=== Section Start ===

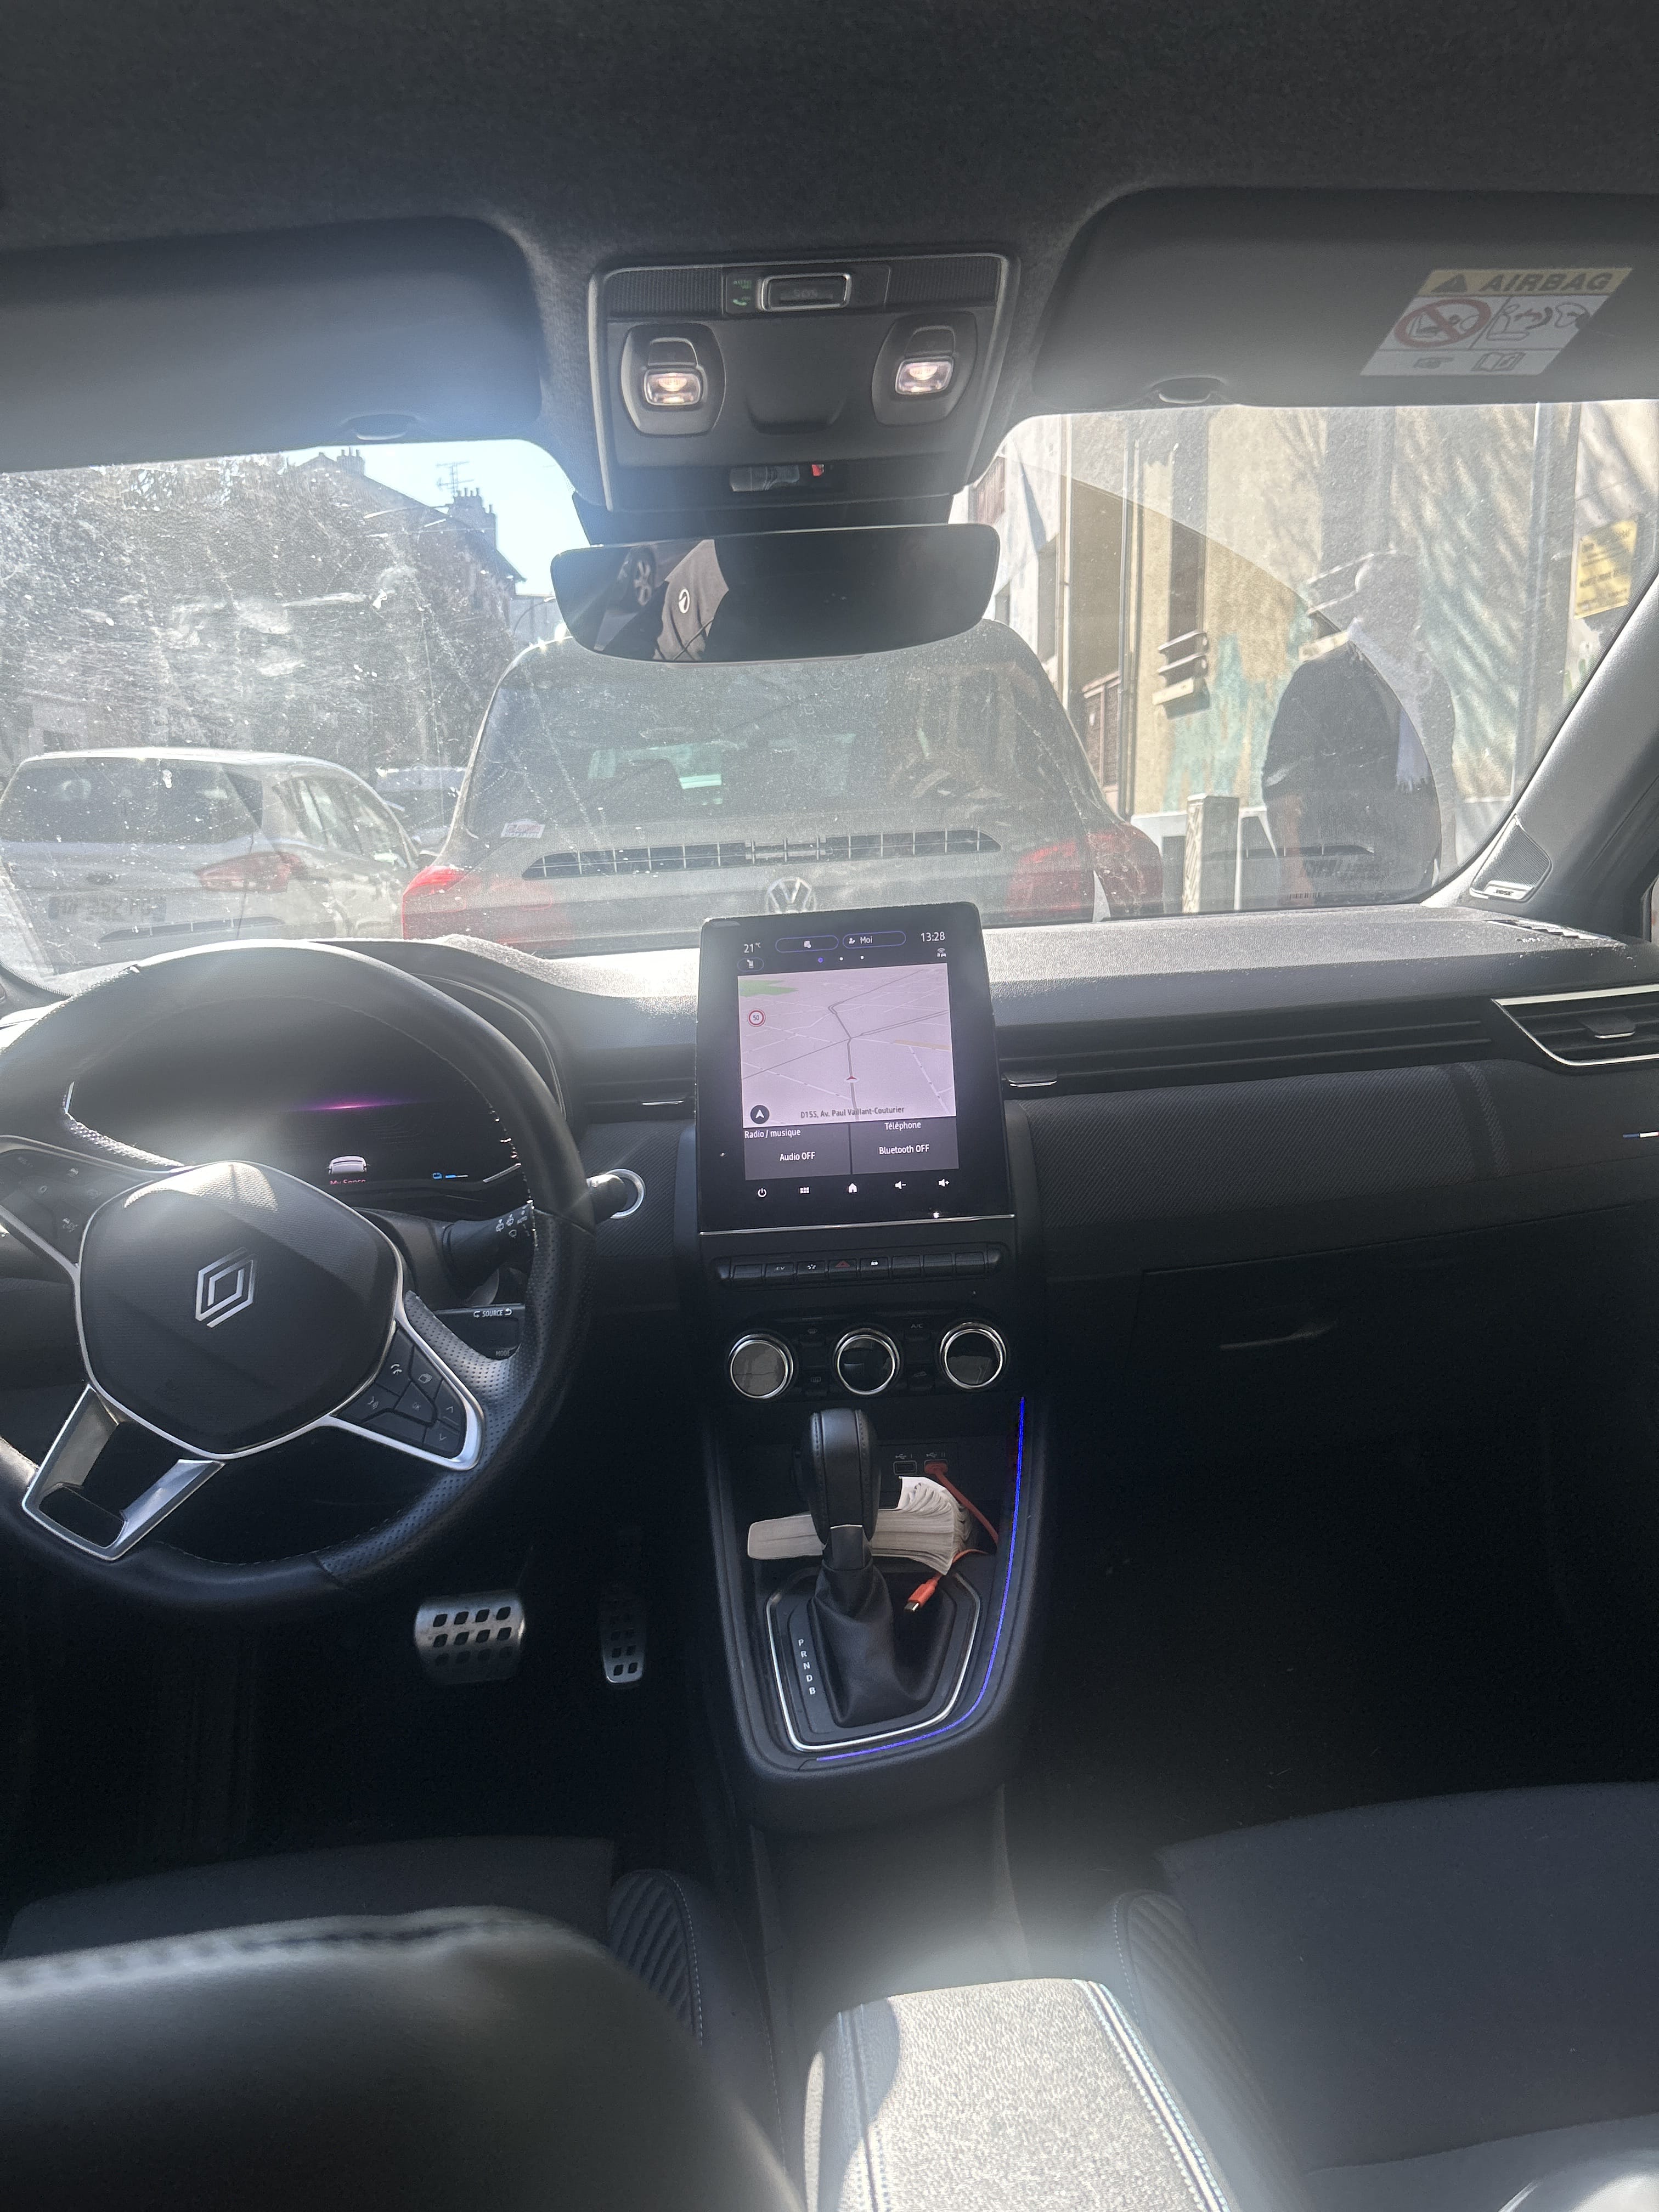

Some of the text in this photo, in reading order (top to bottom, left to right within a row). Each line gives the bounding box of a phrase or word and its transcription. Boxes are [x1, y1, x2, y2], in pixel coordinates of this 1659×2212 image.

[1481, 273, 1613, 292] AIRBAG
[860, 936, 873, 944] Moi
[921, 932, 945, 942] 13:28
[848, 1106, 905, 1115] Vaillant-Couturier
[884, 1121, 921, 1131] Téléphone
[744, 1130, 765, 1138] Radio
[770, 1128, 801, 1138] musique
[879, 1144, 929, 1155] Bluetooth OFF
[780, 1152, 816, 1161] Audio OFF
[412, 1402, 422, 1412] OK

=== Section End ===

YOUR GOAL
Restate, word for word, all of the material above, leaving out the images.

EXPECTED ANSWER
Some of the text in this photo, in reading order (top to bottom, left to right within a row). Each line gives the bounding box of a phrase or word and its transcription. Boxes are [x1, y1, x2, y2], in pixel coordinates of this 1659×2212 image.

[1481, 273, 1613, 292] AIRBAG
[860, 936, 873, 944] Moi
[921, 932, 945, 942] 13:28
[848, 1106, 905, 1115] Vaillant-Couturier
[884, 1121, 921, 1131] Téléphone
[744, 1130, 765, 1138] Radio
[770, 1128, 801, 1138] musique
[879, 1144, 929, 1155] Bluetooth OFF
[780, 1152, 816, 1161] Audio OFF
[412, 1402, 422, 1412] OK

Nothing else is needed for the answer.